Measles: towards a vaccination obligation for caregivers

Measles towards a vaccination obligation for caregivers

After having recommended the end of the compulsory vaccination of caregivers against Covid-19, the High Authority for Health (HAS) published, Monday July 31, a second report devoted to other vaccine recommendations.

The health authority, whose opinion is often followed by the government, recommends making the measles vaccine compulsory for all healthcare personnel. Only those who can certify that they have already been contaminated will be able to dispense with it, if this measure were to be adopted. However, measles transmission does not seem to be of concern. In 2022, Public Health France has identified only 15 cases in France, proof of a “virtual absence of circulation of the virus”. Europe has seen an increase in cases in 2019, but confinements and barrier gestures against Covid-19 have reduced this highly contagious disease. France, for its part, benefits from increasingly strong vaccination coverage, having made the injection compulsory from 2017 for all children born from 2018.

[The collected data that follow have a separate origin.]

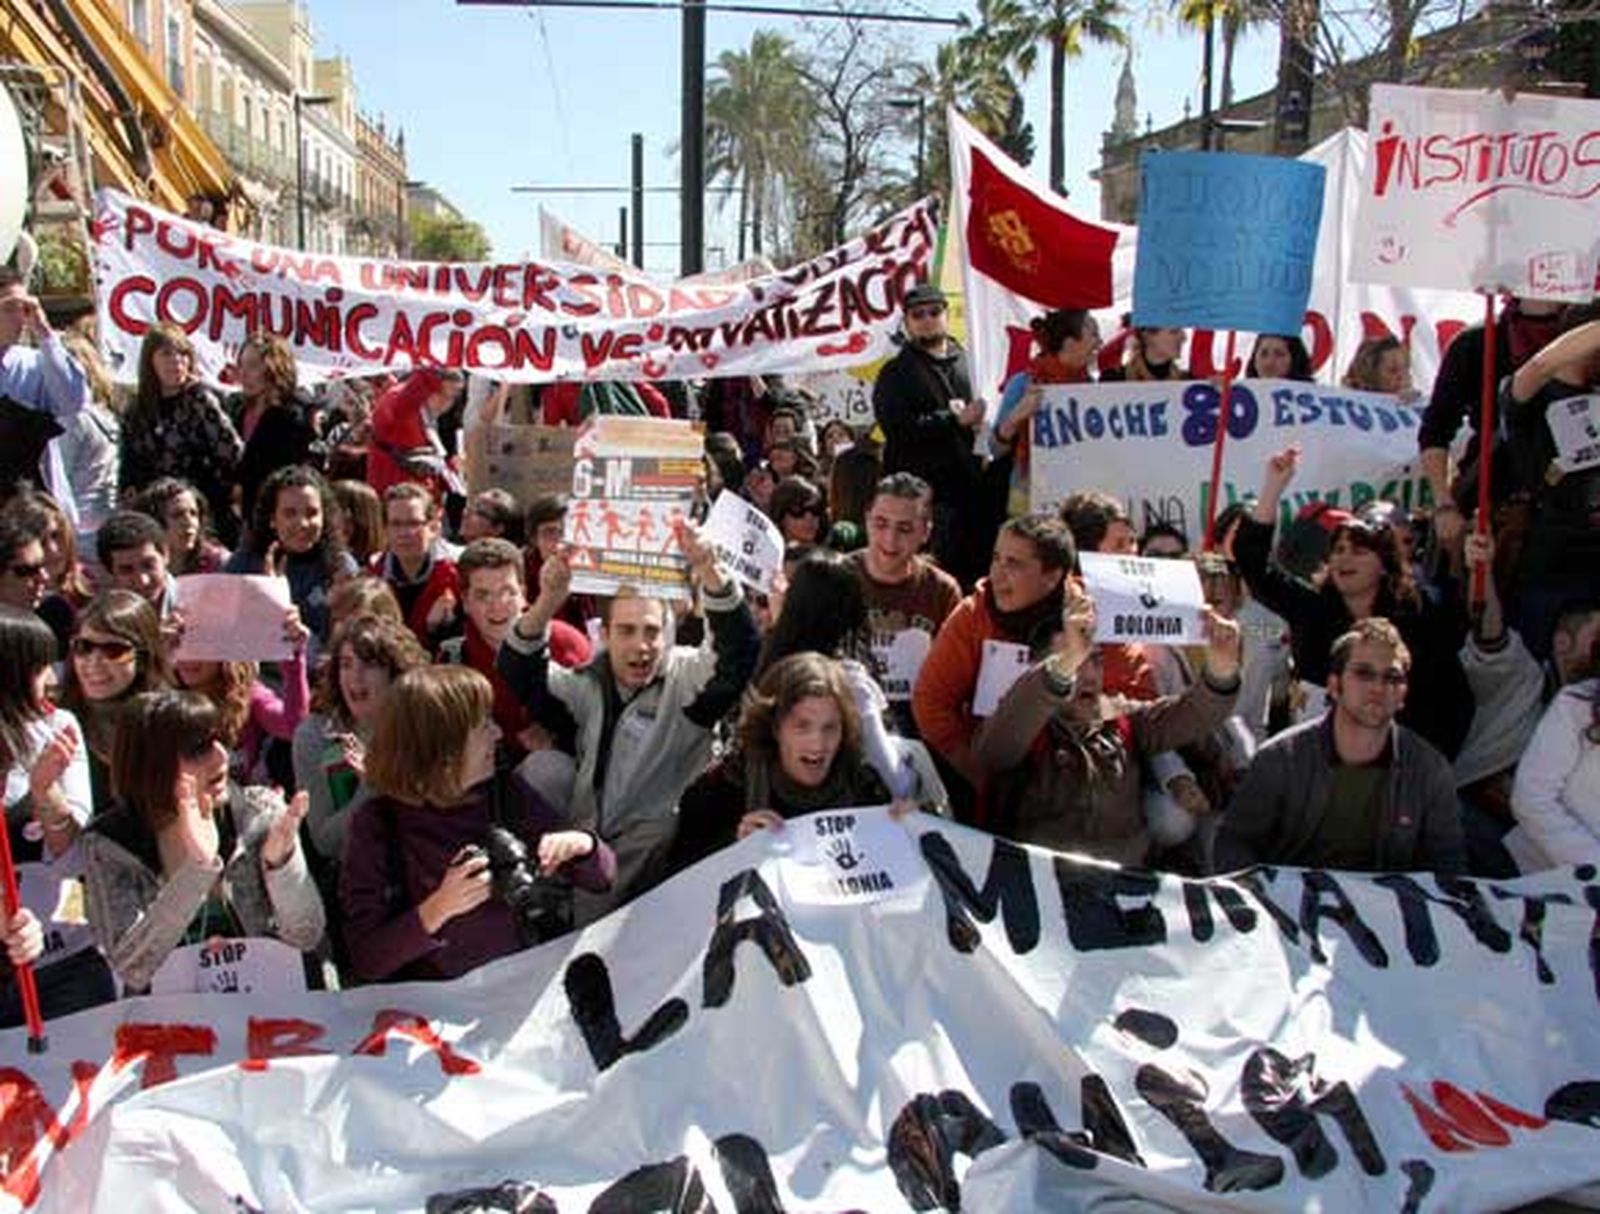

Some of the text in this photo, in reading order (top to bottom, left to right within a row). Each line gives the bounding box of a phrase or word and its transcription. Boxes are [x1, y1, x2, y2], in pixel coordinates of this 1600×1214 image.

[125, 206, 224, 273] POR
[251, 248, 343, 286] UNA
[1033, 398, 1170, 449] ANOCHE
[1181, 383, 1259, 447] 80
[1114, 614, 1182, 636] BOLONIA
[814, 815, 856, 837] STOP
[200, 943, 247, 968] STOP

Nevertheless, the risk of contagion remains high in hospitals, especially for babies, not yet vaccinated, pregnant women and immunocompromised patients. According to a study by Santé Publique France, healthcare professionals are involved in 75 to 83% of measles cases in healthcare establishments. This dangerous situation, as well as the proven effectiveness of the vaccine, which offers lifelong protection and greater than 95%, convinced the HAS to decide in favor of the obligation.

Flu vaccination recommended

Another noteworthy opinion, the flu vaccine remains only recommended, due to its irregular impact on the epidemic from one year to another. The health authority also deplores the lack of data on the real risk posed by the circulation of influenza in hospitals and “insists on the need to carry out large-scale studies, particularly in establishments taking charge of people at risk of severe or complicated flu” to fill this gap.

At the same time, the HAS regrets the low vaccination coverage of caregivers against this winter virus. Only a quarter of them received the injection in 2021-2022, far from the objective set at 70%. The decision was awaited by the medical world, marked by a long and early flu epidemic last winter. The National Academy of Medicine advocates, for example, for compulsory vaccination in order to better protect patients, a measure doing “the honor of the profession” and “far from being an attack on individual freedoms”, as denounced by its detractors. Vaccination against chickenpox, hepatitis A and whooping cough are also recommended by the health authority.